“La voz de mi Amado, he aquí, El viene” (Cantares 2:8)
¿Cuántas veces le hemos dicho al Señor; “haz lo que sea Señor para que mi vida, mi corazón y todo mi ser, vuelva a arder por ti? Es horrible sentir que en alguna parte del camino, tomamos el rumbo equivocado o descuidamos nuestra relación con Él y como consecuencia, estamos cruzando valles de sombra de muerte no planeados por YHVH y que en lugar de ayudar a nuestro crecimiento, nos alejan de El. Pero cuando nuestro corazón empieza a sentir la angustia de la ausencia, y se quebranta delante de El, cuando nos postramos delante de Su presencia y gemimos, esos gemidos hace que las arpas en el cielo se llenen de música y nuestras lágrimas sean tomadas por YHVH y enjugadas y entonces El contesta nuestra oración, Su corazón se abre al nuestro y de nuevo lo llena de El. No hagamos esperar al amor, no dejemos pasar el tiempo sin estar en intimidad con Él.

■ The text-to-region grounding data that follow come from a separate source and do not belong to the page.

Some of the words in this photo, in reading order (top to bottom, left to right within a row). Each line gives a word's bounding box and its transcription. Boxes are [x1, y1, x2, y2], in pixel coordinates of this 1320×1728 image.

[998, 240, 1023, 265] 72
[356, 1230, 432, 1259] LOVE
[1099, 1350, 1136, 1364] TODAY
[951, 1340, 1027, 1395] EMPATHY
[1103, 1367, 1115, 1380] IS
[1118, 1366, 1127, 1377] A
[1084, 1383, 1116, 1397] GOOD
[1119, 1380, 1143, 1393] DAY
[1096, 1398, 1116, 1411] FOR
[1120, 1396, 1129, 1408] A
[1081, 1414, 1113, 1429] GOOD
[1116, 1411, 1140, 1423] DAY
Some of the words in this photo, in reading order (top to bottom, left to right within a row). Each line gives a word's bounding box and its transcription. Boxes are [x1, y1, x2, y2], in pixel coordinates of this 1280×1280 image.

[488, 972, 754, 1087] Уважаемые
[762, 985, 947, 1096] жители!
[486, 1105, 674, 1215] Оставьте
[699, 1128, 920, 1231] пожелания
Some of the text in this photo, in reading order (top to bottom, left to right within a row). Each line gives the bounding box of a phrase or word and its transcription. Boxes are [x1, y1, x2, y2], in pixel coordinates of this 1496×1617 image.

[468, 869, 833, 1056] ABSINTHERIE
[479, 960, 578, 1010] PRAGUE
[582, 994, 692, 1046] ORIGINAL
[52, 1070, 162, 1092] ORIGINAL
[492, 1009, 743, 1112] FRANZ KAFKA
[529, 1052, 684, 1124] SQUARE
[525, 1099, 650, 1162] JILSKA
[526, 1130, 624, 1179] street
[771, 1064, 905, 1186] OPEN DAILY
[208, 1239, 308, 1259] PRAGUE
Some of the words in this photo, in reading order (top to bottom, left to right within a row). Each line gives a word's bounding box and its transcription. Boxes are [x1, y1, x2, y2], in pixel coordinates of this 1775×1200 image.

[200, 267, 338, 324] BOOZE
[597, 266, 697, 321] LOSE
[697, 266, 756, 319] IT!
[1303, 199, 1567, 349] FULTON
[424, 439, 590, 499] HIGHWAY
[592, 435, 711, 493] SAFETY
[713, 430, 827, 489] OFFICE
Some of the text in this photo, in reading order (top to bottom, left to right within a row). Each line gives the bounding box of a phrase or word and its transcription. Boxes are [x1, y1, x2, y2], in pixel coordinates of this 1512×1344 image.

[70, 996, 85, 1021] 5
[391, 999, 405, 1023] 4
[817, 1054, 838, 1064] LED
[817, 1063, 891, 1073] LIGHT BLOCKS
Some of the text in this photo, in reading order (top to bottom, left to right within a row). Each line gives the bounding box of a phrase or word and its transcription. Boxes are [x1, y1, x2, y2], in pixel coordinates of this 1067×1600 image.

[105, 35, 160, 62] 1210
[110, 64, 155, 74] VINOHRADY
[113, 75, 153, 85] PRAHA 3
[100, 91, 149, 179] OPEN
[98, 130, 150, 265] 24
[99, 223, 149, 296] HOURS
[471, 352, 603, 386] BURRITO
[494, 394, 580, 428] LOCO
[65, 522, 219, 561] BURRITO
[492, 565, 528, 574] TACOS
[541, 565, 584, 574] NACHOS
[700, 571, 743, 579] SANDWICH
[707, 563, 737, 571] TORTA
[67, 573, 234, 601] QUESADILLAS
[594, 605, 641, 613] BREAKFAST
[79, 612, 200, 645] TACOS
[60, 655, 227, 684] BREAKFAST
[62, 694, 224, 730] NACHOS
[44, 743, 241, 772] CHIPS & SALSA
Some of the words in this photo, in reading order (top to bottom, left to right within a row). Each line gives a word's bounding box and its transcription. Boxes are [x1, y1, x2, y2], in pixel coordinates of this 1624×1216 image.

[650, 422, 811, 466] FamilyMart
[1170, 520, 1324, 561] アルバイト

“Lámpara es a mis pies Tu palabra, y lumbrera a mi camino” (Salmo 119:105)
Nadie disfruta de momentos oscuros, momentos cuando la luz que guía tu vida, que da dirección a tus pasos, se ha opacado o ido. Nadie quiere aprender en el dolor, todos quisiéramos saber las respuestas a todos nuestros interrogantes, poder solucionar todos nuestros problemas, tener un manual que nos indicara “que hacer en caso de” para todo, pero es imposible. La vida es impredecible, la vida es todo lo que sucede cuando hemos planeado otras cosas. Nadie es inmune al dolor ni a los momentos oscuros cuando tenemos que confiar en YHVH o morir. Pero las lecciones aprendidas en la oscuridad, son las que verdaderamente nos enseñan a confiar, son las que tenemos que tomar y poner en práctica queramos o no y aunque no sean agradables, una vez pasada la oscuridad, la luz brilla con mayor intensidad, la apreciamos más y vemos no solo lo que nos llevo a ese momento sino que aprendemos a caminar en la oscuridad pero tomados de la mano de la luz.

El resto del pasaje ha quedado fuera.